When we know adherence isn't the problem, then we can consider other treatment strategies that might be more suitable for the patient. This understanding allows us, as clinicians, to pivot and, for example, look for the right medication for each individual patient. Every day I'm striving to achieve greater success for my patients, but I feel my colleagues often underestimate their expectations for a patient's success.
Long-acting injectables constitute an enormous step forward for adult patients with schizophrenia. In prescribing long-acting injectables, I prefer to move away from using fear of relapse as an incentive for change. Instead, create a positive mindset of, let's give it a shot, and we may see some rewards in terms of delaying time to relapse, which can enhance stability in patients' lives. For me, these are stories about the opportunity for progress. Progress for patients.

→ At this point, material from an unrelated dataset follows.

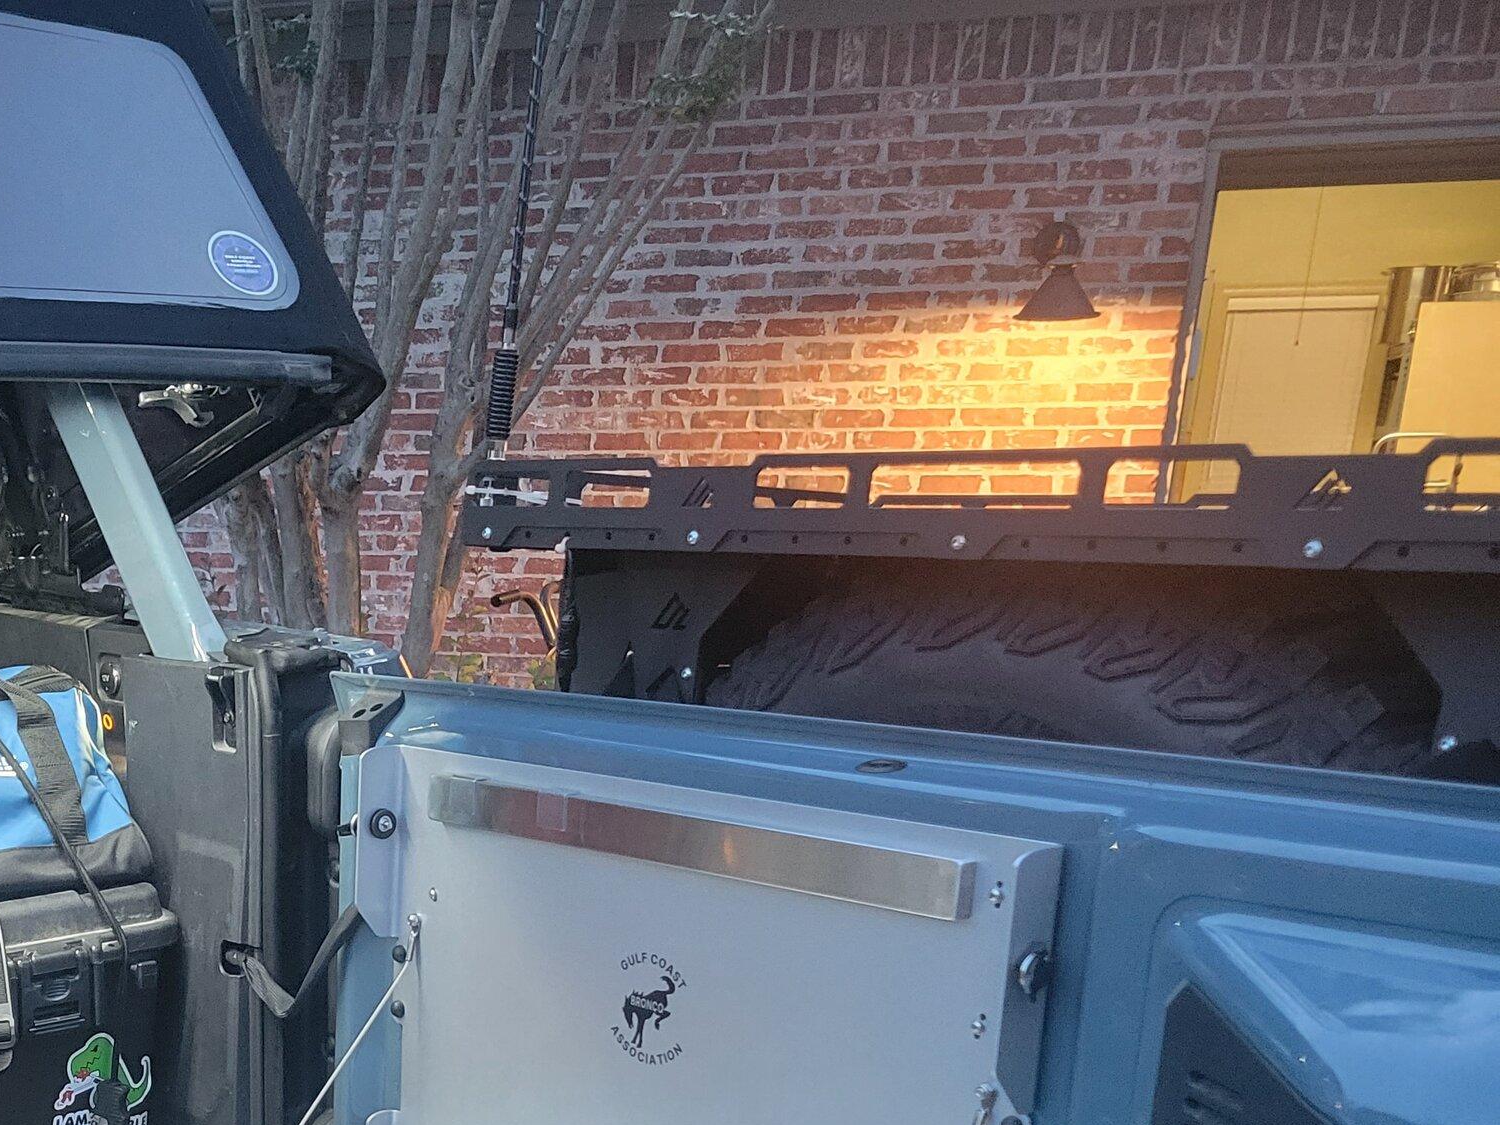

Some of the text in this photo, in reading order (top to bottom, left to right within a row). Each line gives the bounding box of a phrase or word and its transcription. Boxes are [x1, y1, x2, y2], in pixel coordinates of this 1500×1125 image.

[620, 952, 687, 989] GULF COAST
[630, 994, 664, 1013] BRONCO
[610, 1026, 683, 1066] ASSOCIATION

Patients who were struggling—like Mateo, Amir, and Katie—and achieved success with long-acting injectables. Long-acting injectables gave these patients a chance to make an enormous step forward in their lives. And I believe long-acting injectables were an integral step in their journey. By helping our patients effectively manage their illness, we can do more to help them achieve fulfillment. We can do more for Mateo. We can do more for Amir. We can do more for Katie. We can do more for patients living with schizophrenia. Let's work to give control back to our patients. Give them back the freedom to achieve their goals and the opportunity to pursue more fulfilling lives.